Knots
My first real attempt at writing since school, done to impress a girl. I'm not sure it worked.
The sunlight streaming in through the gap in the curtains pries my eyes open slowly. Blinded by glaring colours I blink some times as overnight crust breaks and falls down my face. I’ll rub it off in a minute but for now I must be still; my head is heavy. I’d forgotten the pleasantly unpleasant sense of inertia that comes with waking in a strange room. I recognise the door I came through, the chair over which my clothes are strewn, the window I smoked at while she slept. But in the sudden, harsh daylight I can notice all the details overlooked in last night’s fervour. On the floor she keeps an impressive stack of books: Tolstoy, Nietzsche, Proust—authors whose works I’ve had great intentions of reading and in some cases gone so far as to watch whole summaries of—along with other European-sounding names I’ve probably heard mentioned in podcasts or had earnestly extolled to me by a stranger over the last few crumbs of cocaine at some nightmarish afters I’d rather have forgotten. There's a wooden chest of drawers facing the bed adorned with candles, polaroids and other trinkets. To the right of the drawers is a desk with a laptop, some papers, and a reading lamp. To the left of the bed are a clothes rail and some potted plants along a low windowsill. Although part of me knows it all couldn’t really be more clichéd, I find myself intimidated by the room.

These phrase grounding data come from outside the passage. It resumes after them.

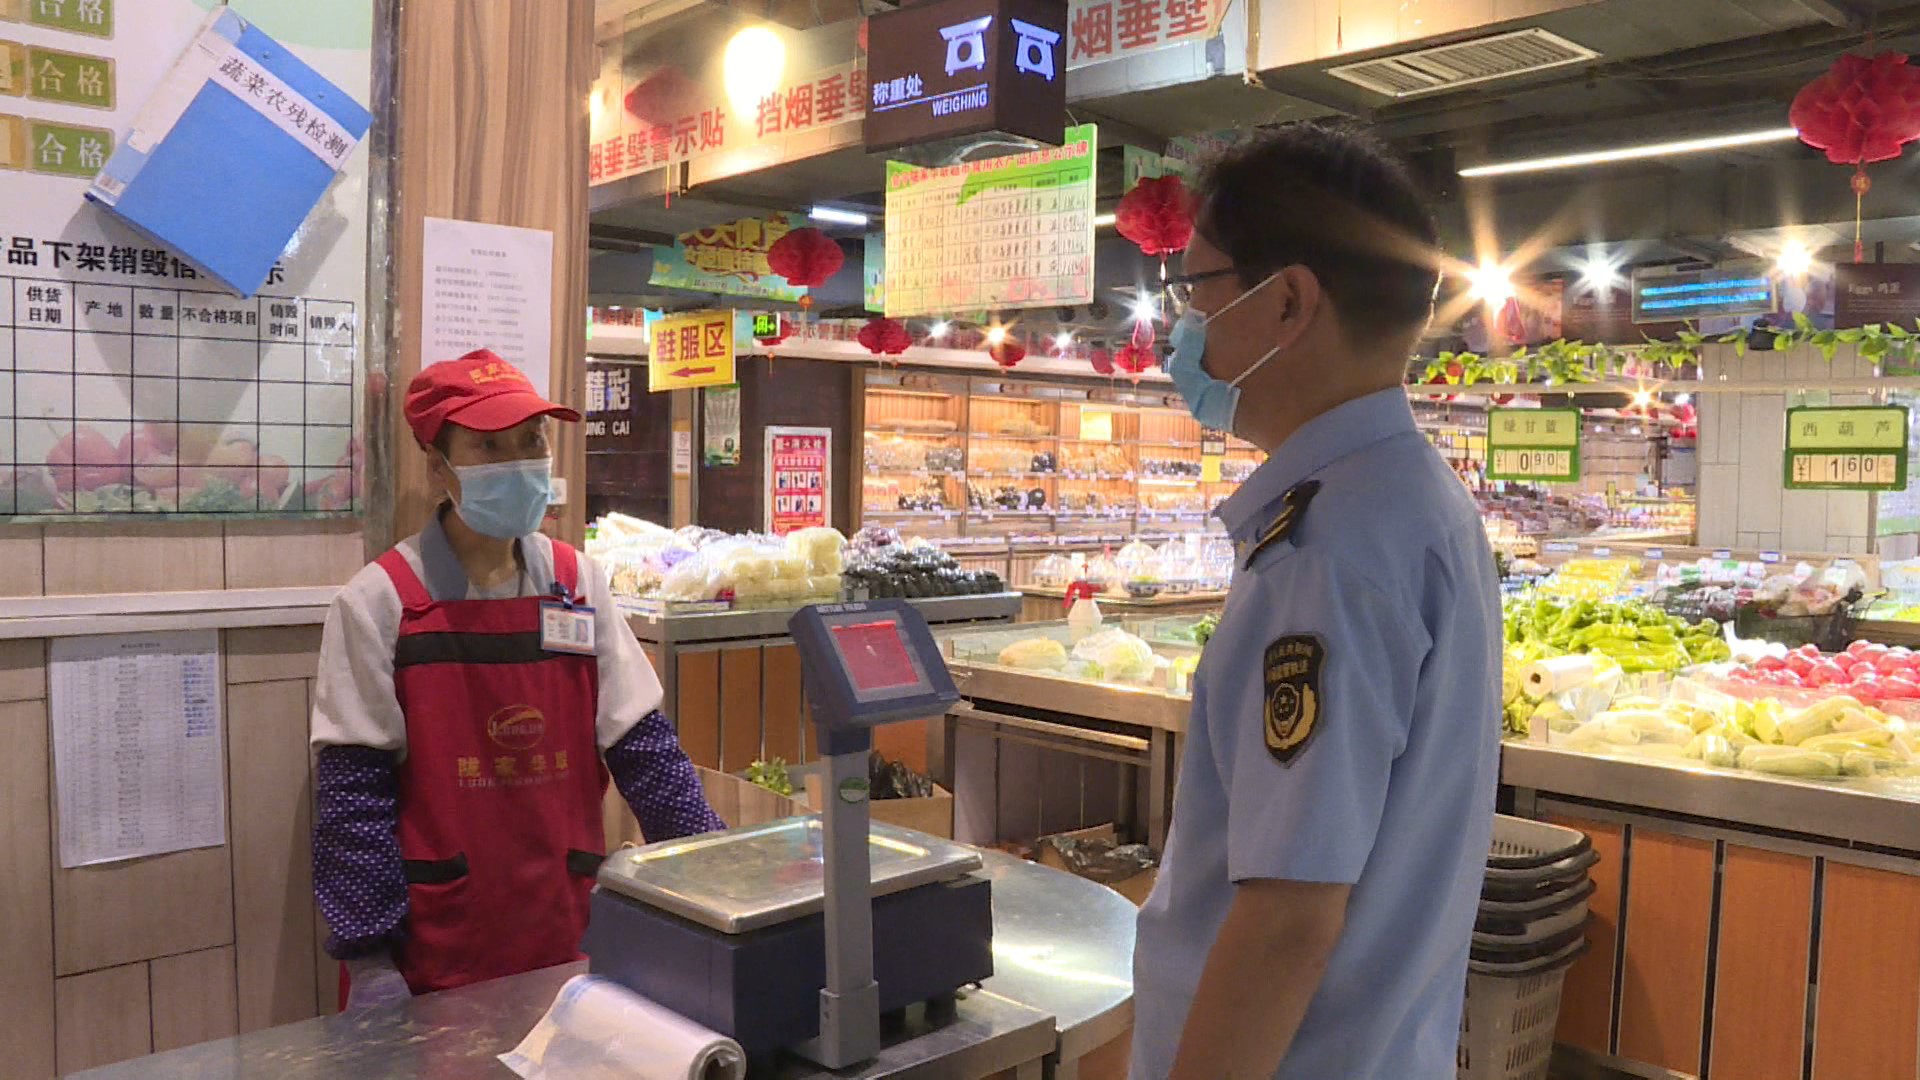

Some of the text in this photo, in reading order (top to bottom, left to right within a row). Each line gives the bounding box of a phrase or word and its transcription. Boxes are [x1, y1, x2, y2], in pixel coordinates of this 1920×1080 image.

[40, 59, 104, 97] 合格
[873, 72, 923, 106] 称重处
[218, 55, 350, 160] 蔬菜农残检测
[932, 90, 987, 117] WEIGHING
[40, 133, 104, 169] 合格
[26, 286, 64, 304] 供货
[28, 307, 62, 324] 日期
[84, 300, 124, 319] 产地
[138, 304, 175, 321] 数量
[182, 307, 256, 326] 不合格项目
[270, 303, 298, 319] 销毁
[269, 323, 298, 337] 时间
[656, 320, 726, 363] 鞋服区
[612, 420, 630, 435] CAI

The pretty, smiling faces captured on nights out and cultured weekend jaunts; the perfectly symmetrical row of ritzy-looking vintage garments hanging along the rail; the tasteful sensibility with which each object and bit of furniture is arranged, each considered purchase made and every complimentary colour chosen. All of it seems to signal a purposeful existence being led, that here resides a person thriving in accordance with some coherent idea—imagined or otherwise—of who they are.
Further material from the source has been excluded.